The State of the Union address has gone from its early roots when it was a simple report to Congress from the chief executive, to become a political event as big as the Superbowl and Christmas all rolled into one.
For Australians, the closest analog is our Budget night. Indeed, like the Budget, there’s even a response speech, which will this year be delivered by young Joe Kennedy III (and you thought the Democrats were the party against hereditary wealth and privilege).
But as with everything Trump, this year’s State of the Union was different.
Not just because the president unveiled a platform that veered from a very conservative-minded immigration reform program to a US$1.5 trillion infrastructure rejuvenation program that, had it been delivered by a Democrat president, would have been instantly cheered as the greatest thing since Franklin Roosevelt’s New Deal.
Oh, and he also called for paid parental leave. (You see what I mean about Trump not being a traditional Republican?)
But because it takes place against a background of warring camps in Washington: those investigating Trump’s Russia links with the unstated goal of unseating the president, and those now suggesting, with increasingly credible circumstantial evidence on their side, that the FBI slow-walked investigations into Hillary Clinton and abused their power to harm Trump both before and after the election.
As speeches go, Trump’s address — particularly for Trump — was strong, and measured. Calls for immigration reform centred around the line “Americans are dreamers, too”, deftly drawing a line between himself and the progressive wing of the Democratic party that currently sees any restriction to migration as an act of backward, nativist bigotry.
Of course, there were little bits of trolling dropped throughout the text that could have come straight from one of his stream of conscience Twitter fights, a reference to “beautiful clean coal” being chief among them.
But if an Australian Budget Night sets out the government’s plan, so too does a State of the Union.
The big messages: On immigration, “Dreamers”, those undocumented immigrants brought to America as children, will get citizenship — if Democrats come to the party on building a wall, ending “diversity” visas, and limiting family migration to spouses and children.

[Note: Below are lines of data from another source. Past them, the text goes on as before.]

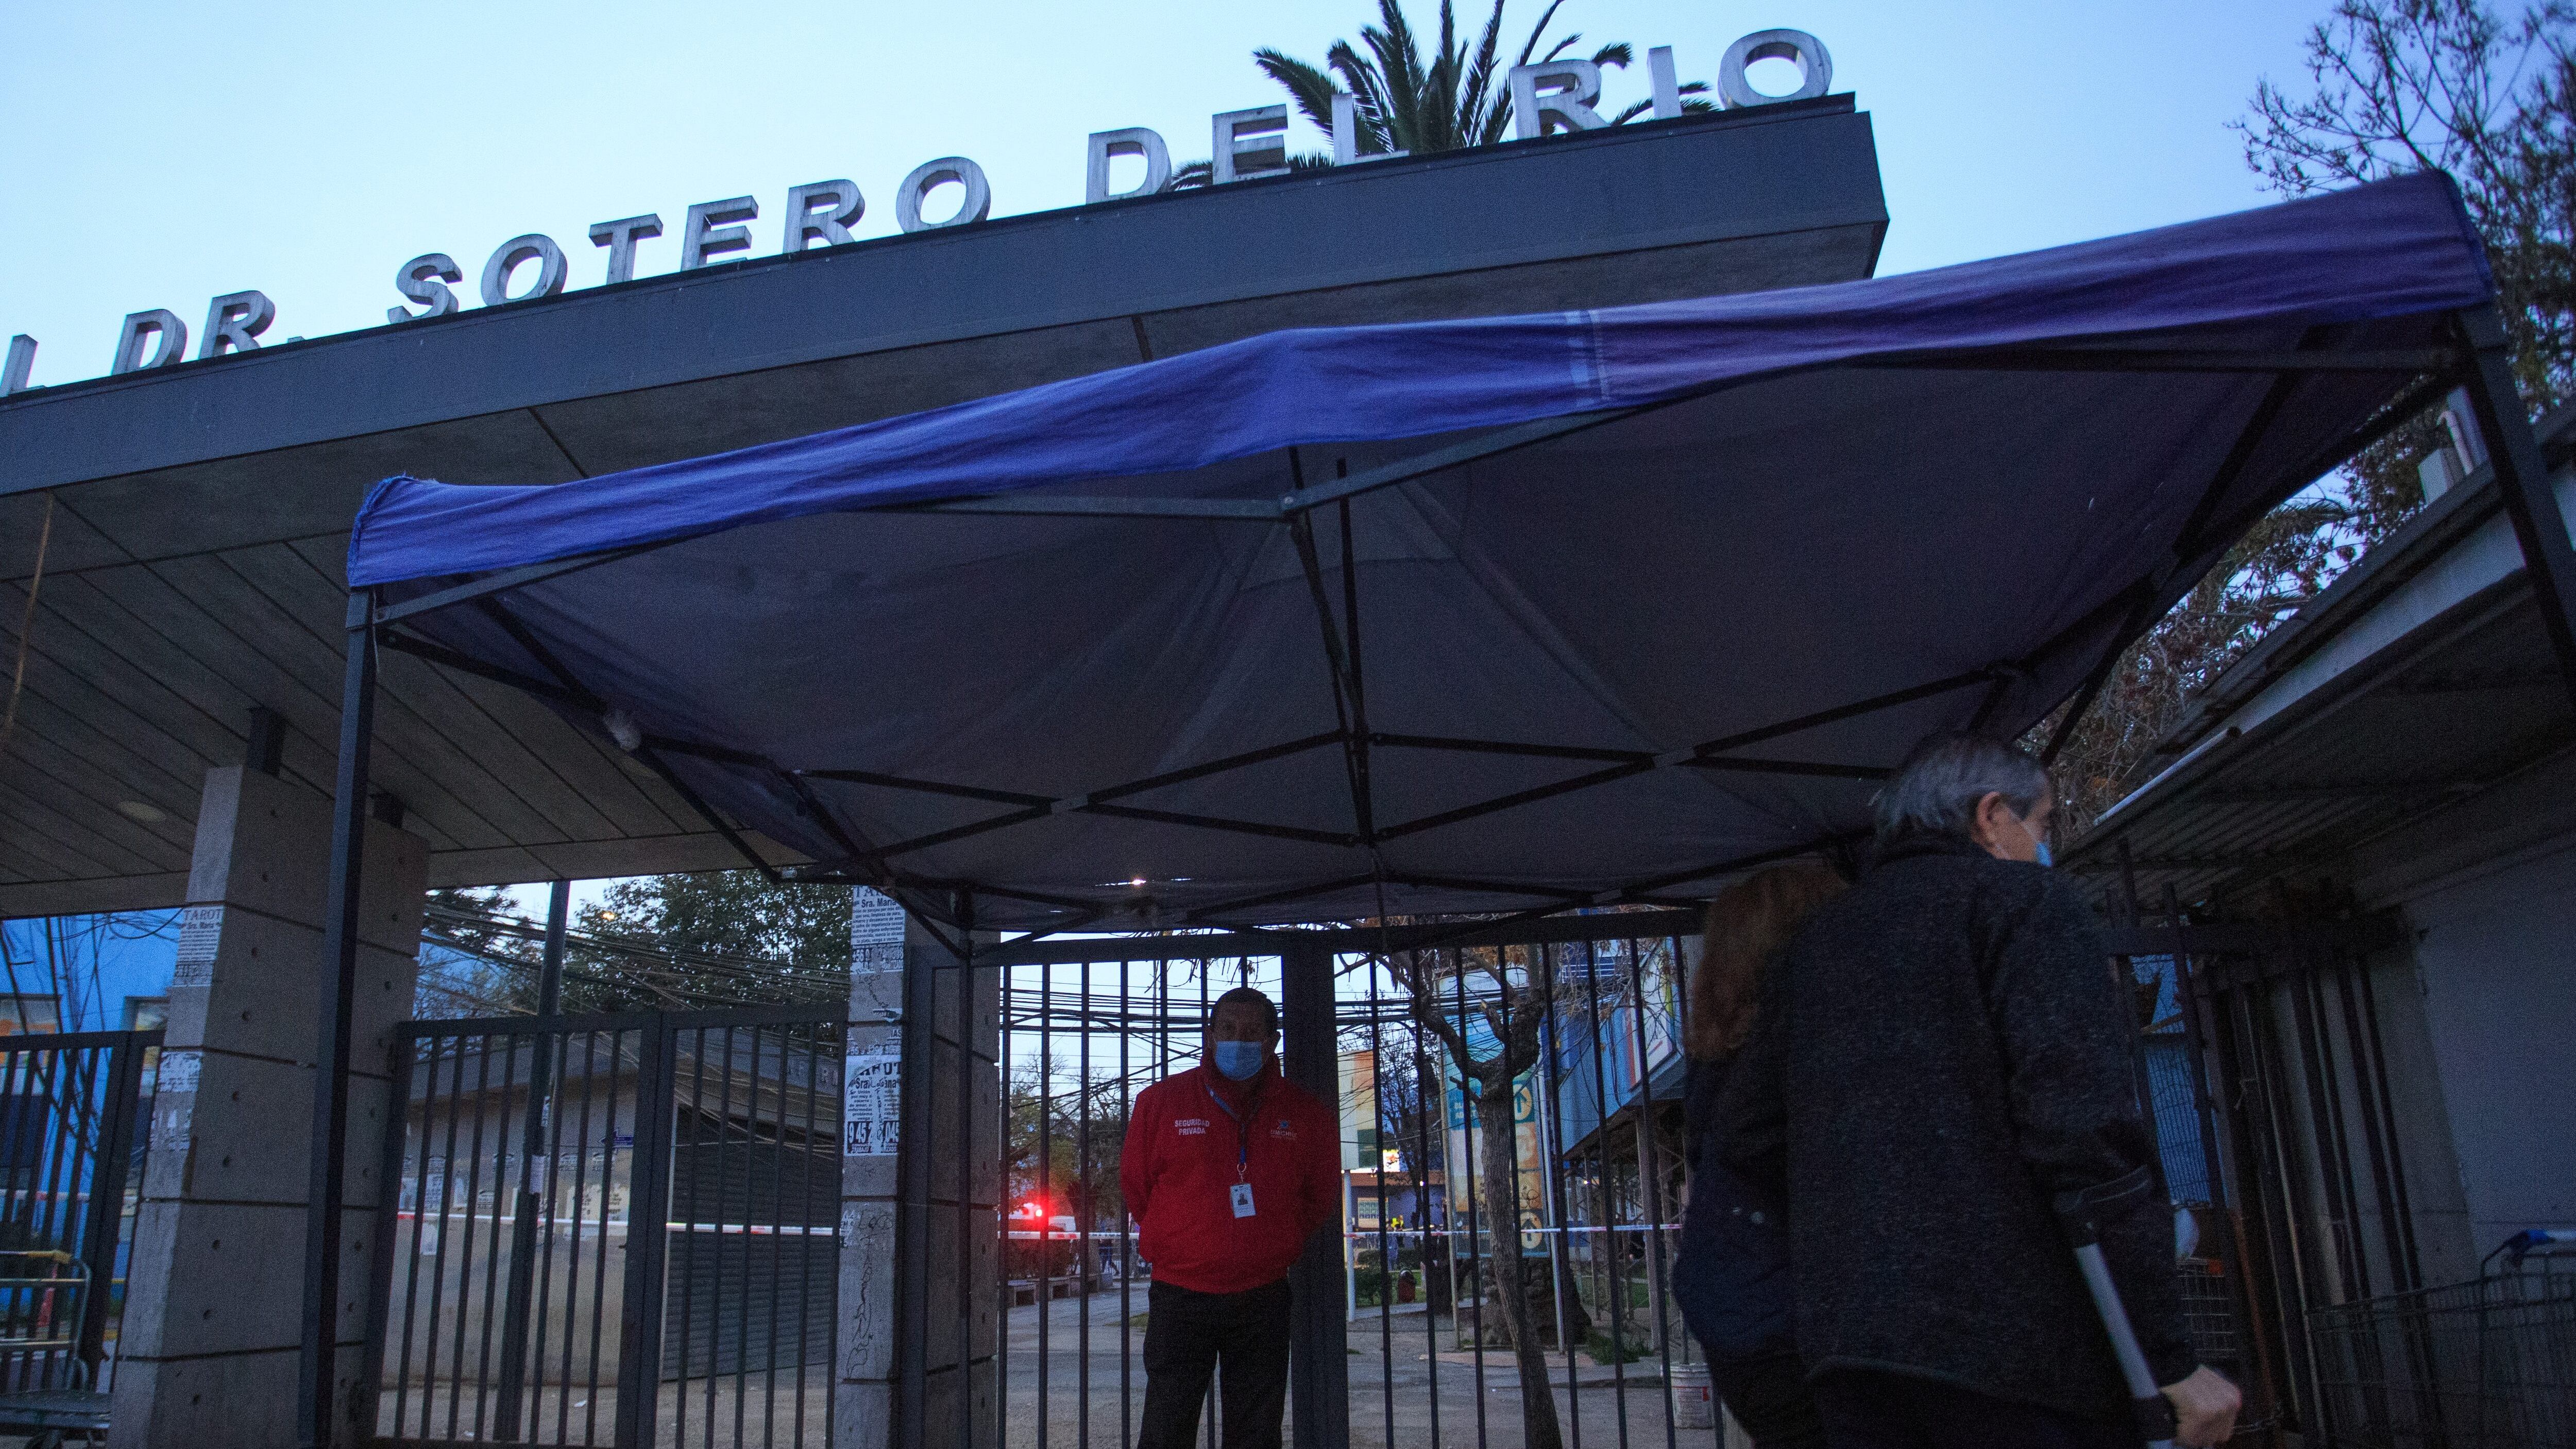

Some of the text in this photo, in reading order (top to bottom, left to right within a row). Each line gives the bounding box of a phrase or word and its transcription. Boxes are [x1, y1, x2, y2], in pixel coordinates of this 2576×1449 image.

[388, 156, 991, 324] SOTERO
[1086, 93, 1410, 205] DEL
[1510, 28, 1832, 140] RIO
[184, 909, 221, 921] TAROT
[1175, 1118, 1210, 1127] SEGURIDAD
[1179, 1127, 1206, 1136] PRIVADA
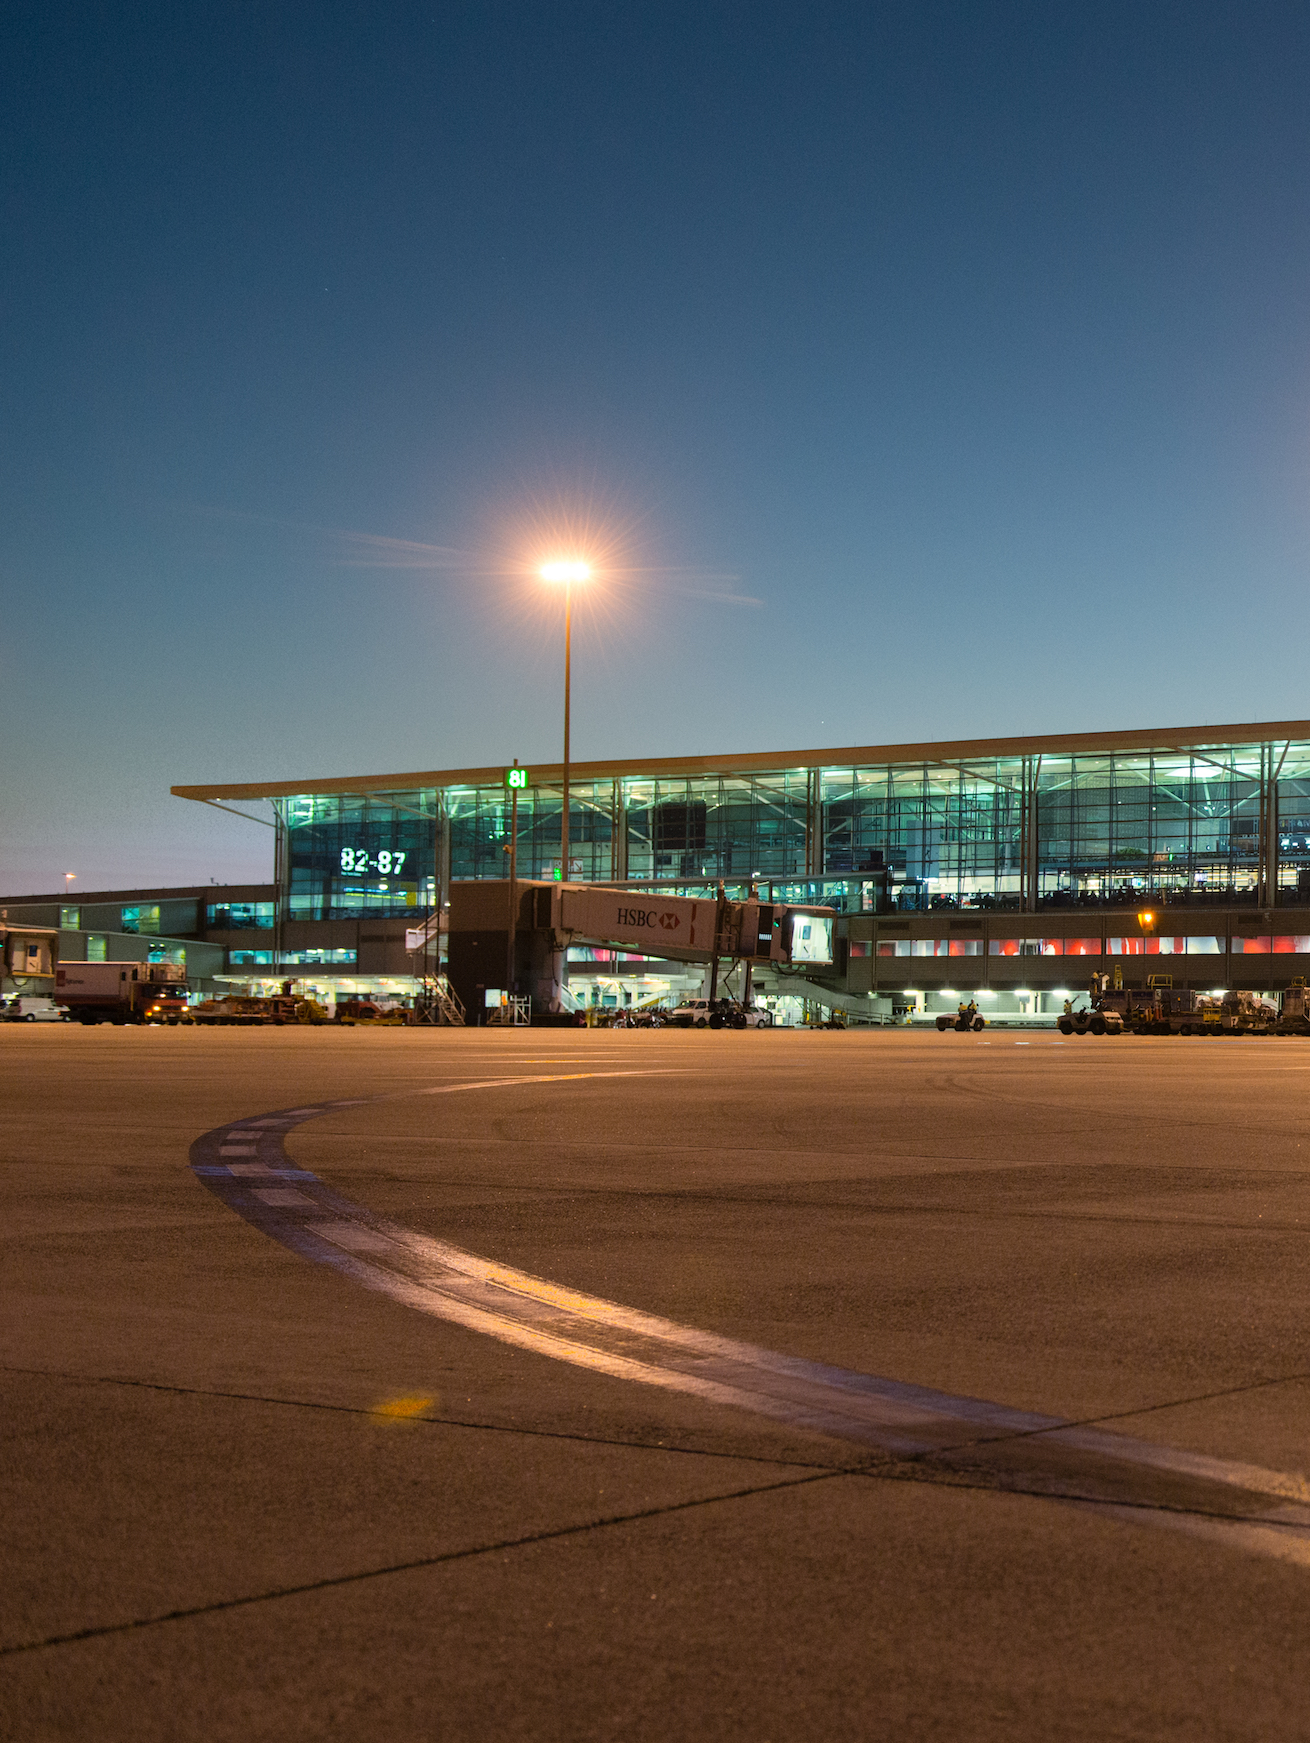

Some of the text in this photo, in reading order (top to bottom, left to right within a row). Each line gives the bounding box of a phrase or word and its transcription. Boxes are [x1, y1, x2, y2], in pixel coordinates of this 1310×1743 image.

[509, 769, 526, 788] 81
[340, 846, 406, 875] 82-87
[617, 907, 657, 928] HSBC

This Trump is likely to succeed on.
Having bloodied the Democrats’ noses on immigration during the recent government shutdown, he is likely to box progressives in against a wider American population that is in favour of tighter border controls.
After that will come infrastructure, with a call for money will be poured into projects across the country — and Trump called on approval processes to be streamlined to get things moving.
Again, it is hard to see how Democrats — traditionally in favour of such big spending — counter Trump.
And on national security and geopolitics, Trump praised the troops and pointed to the threat of rogue states like Iran and North Korea — dramatically pointing to the parents of Otto Warmbier, the American student who was tortured and all but murdered by Kim’s regime.
Naturally, Democrats were infuriated by the speech, particularly his mention of crime gangs that had exploited immigration loopholes.
But Trump has outflanked the left time and time again, and if they are to win — either in the mid-terms or in 2020 — they need to articulate a positive platform that is more than just “we hate Trump”.
And of course all this could be moot given the ongoing investigations in Washington.
Soon a memo is to be released about the FBI’s alleged abuses of power in investigating the Trump campaign.
When that comes off, all this may be a sidenote.
James Morrow is Opinion Editor of the Daily Telegraph.